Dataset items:
------------------------------------------------------------

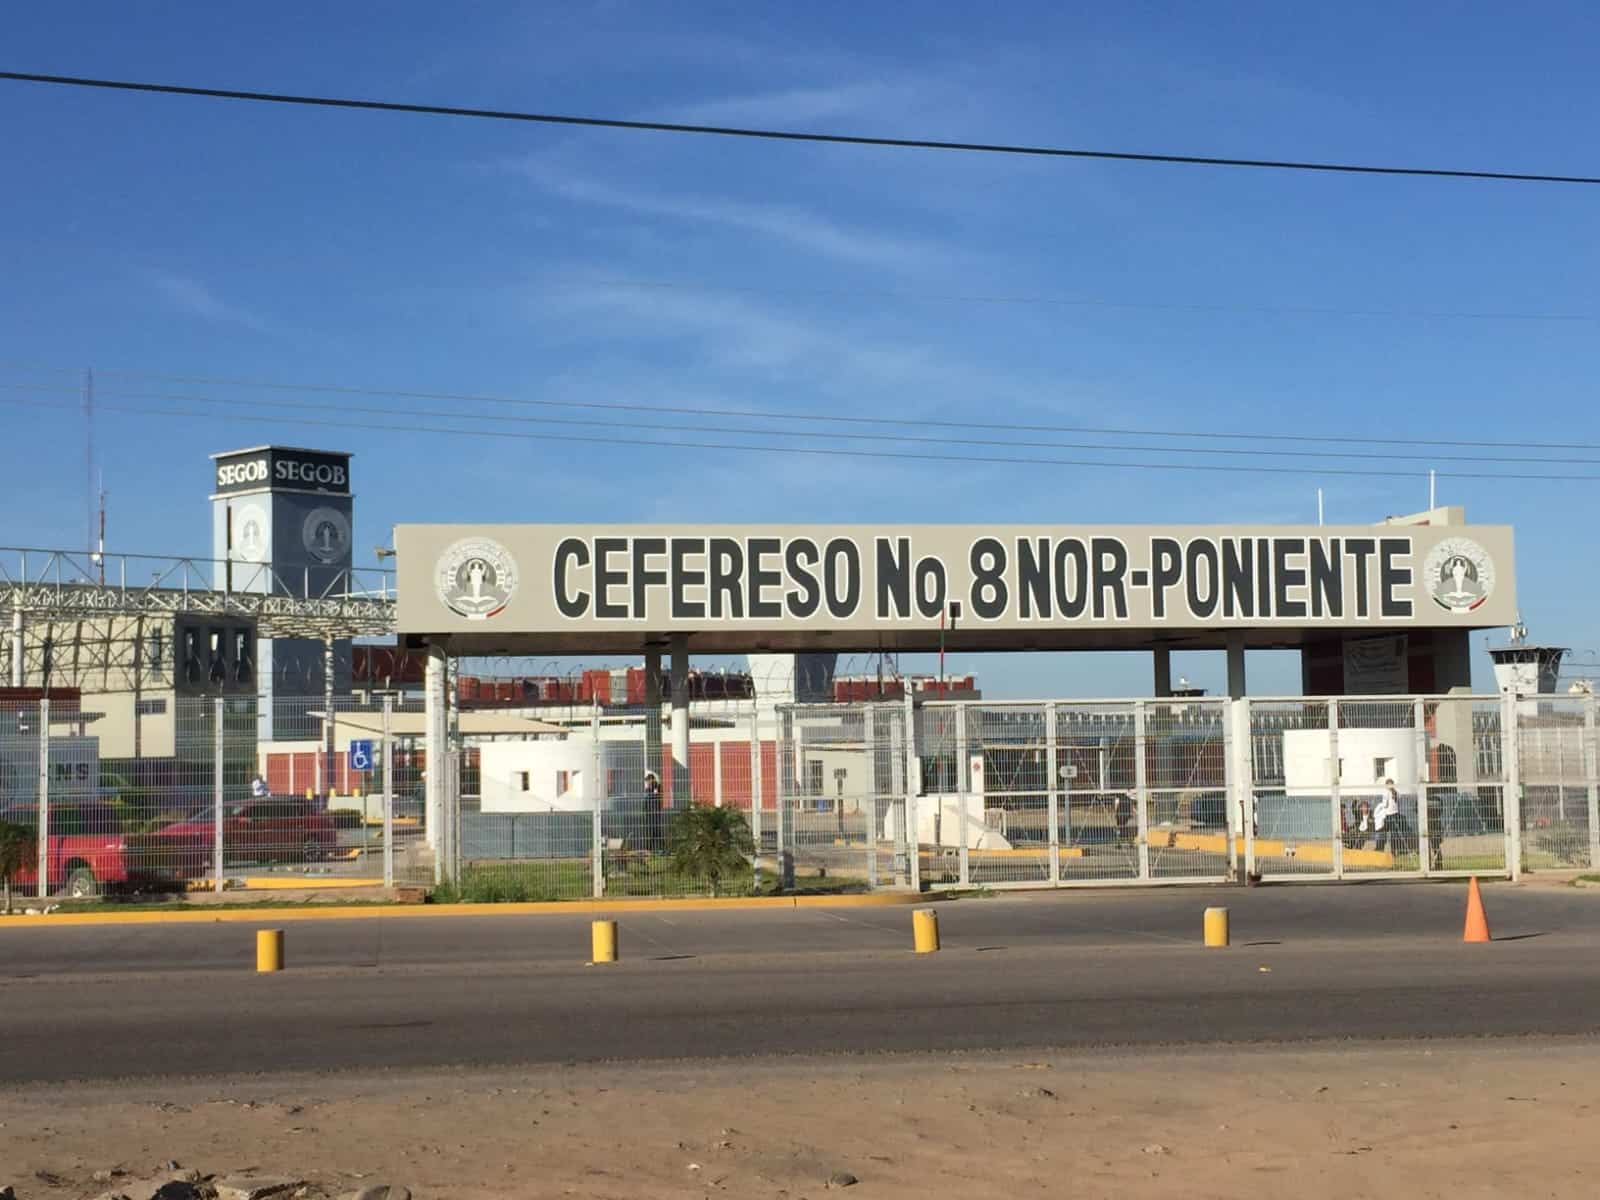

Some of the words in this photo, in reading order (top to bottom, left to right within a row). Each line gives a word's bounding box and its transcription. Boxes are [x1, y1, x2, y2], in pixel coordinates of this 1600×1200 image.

[218, 459, 268, 486] SEGOB
[275, 459, 345, 485] SEGOB
[553, 536, 862, 619] CEFERESO
[874, 536, 962, 620] No.
[968, 536, 1008, 619] 8
[1015, 536, 1416, 619] NOR-PONIENTE

------------------------------------------------------------

§ **PROBLEM DETAILS**
Please output every entry exactly as written, apart from the pictures.

§ **RESULT BELOW**
Some of the words in this photo, in reading order (top to bottom, left to right within a row). Each line gives a word's bounding box and its transcription. Boxes are [x1, y1, x2, y2], in pixel coordinates of this 1600×1200 image.

[218, 459, 268, 486] SEGOB
[275, 459, 345, 485] SEGOB
[553, 536, 862, 619] CEFERESO
[874, 536, 962, 620] No.
[968, 536, 1008, 619] 8
[1015, 536, 1416, 619] NOR-PONIENTE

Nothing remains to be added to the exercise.